Problem requirements: Take the listing and print it in full, exactly as given.

Source records:
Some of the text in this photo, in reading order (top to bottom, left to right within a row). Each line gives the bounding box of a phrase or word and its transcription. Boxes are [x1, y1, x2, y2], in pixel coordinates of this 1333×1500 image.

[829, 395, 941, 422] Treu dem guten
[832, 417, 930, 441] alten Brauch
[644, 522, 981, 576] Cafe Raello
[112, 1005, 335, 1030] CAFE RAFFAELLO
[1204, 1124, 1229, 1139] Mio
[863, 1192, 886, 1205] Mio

The answer:
Some of the text in this photo, in reading order (top to bottom, left to right within a row). Each line gives the bounding box of a phrase or word and its transcription. Boxes are [x1, y1, x2, y2], in pixel coordinates of this 1333×1500 image.

[829, 395, 941, 422] Treu dem guten
[832, 417, 930, 441] alten Brauch
[644, 522, 981, 576] Cafe Raello
[112, 1005, 335, 1030] CAFE RAFFAELLO
[1204, 1124, 1229, 1139] Mio
[863, 1192, 886, 1205] Mio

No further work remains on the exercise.